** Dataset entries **
↓
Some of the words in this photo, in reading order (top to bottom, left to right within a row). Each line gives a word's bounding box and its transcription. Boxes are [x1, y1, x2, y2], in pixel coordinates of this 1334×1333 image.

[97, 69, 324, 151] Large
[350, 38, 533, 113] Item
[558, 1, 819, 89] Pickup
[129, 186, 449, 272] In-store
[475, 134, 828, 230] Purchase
↑
** TASK DIRECTIONS **
Line by line, retype all the entries exactly as they are shown.

** EXERCISE ANSWER **
Some of the words in this photo, in reading order (top to bottom, left to right within a row). Each line gives a word's bounding box and its transcription. Boxes are [x1, y1, x2, y2], in pixel coordinates of this 1334×1333 image.

[97, 69, 324, 151] Large
[350, 38, 533, 113] Item
[558, 1, 819, 89] Pickup
[129, 186, 449, 272] In-store
[475, 134, 828, 230] Purchase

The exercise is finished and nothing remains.